- Born: October 25, 1925 Ljubljana, Kingdom of Yugoslavia (now in Slovenia)
- Died: February 4, 2005 (aged 79) Ljubljana, Slovenia
- Occupations: Violinist and music teacher

= Janez Bitenc =

Slovene composer and music teacher

Janez Bitenc (25 October 1925 – 4 February 2005) was a Slovene composer and music teacher, best known for the music he wrote for over 400 children's songs and musical stories.

Bitenc was born in Ljubljana. He studied music at the Academy of Music in Ljubljana, where he graduated in 1952. In addition to composing music, he also wrote the lyrics for many of his children's songs and published book of stories for children. In 1971, he won the Levstik Award for his book of songs for young children Ciciban poje (Ciciban Sings). He died in Ljubljana at the age of 79.

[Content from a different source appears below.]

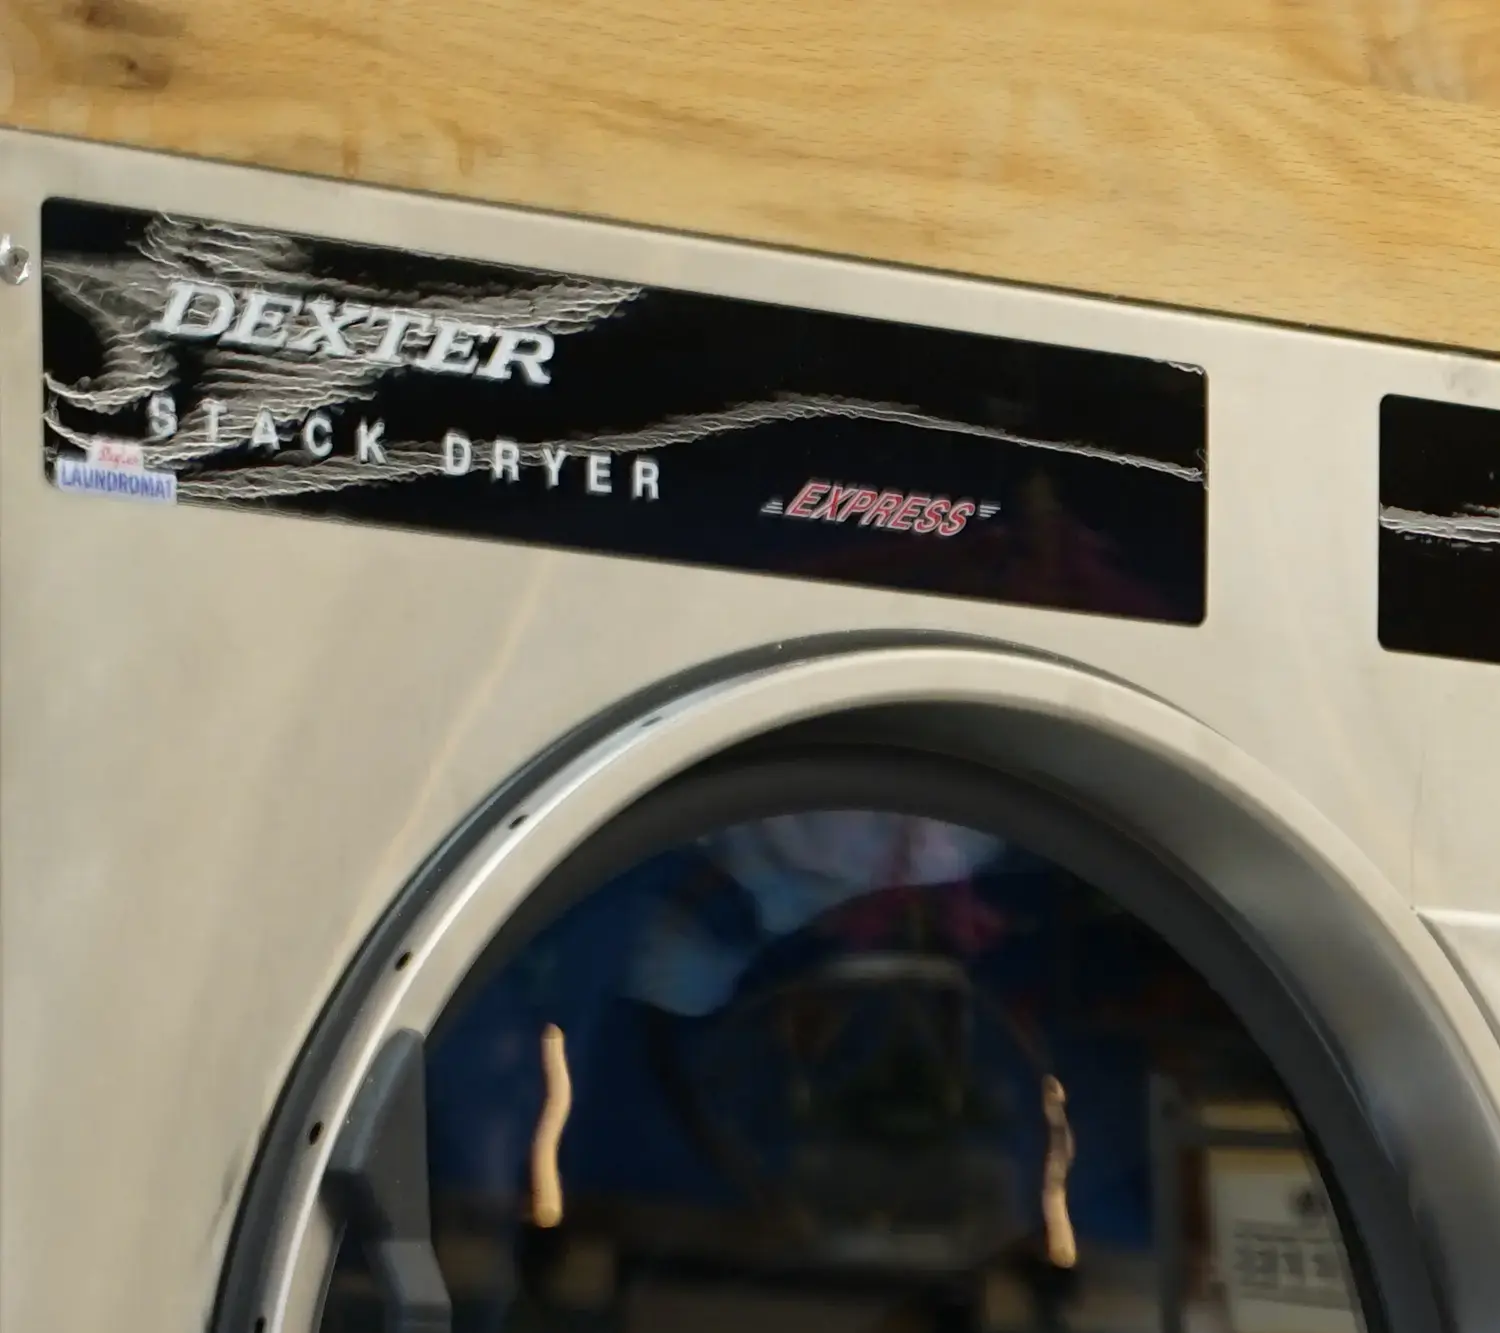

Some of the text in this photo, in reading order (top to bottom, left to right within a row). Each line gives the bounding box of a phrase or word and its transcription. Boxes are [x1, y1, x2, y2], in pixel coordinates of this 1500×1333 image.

Bitenc's songs are known by more or less all preschool and primary school children in Slovenia. Among the best known of his songs are "Kuža pazi" (The Little Dog is Watching), "Naša četica koraka" (Our Little Squad is Marching), "Zajček dolgoušček" (Rabbit Long-Ears), and "Ringa raja."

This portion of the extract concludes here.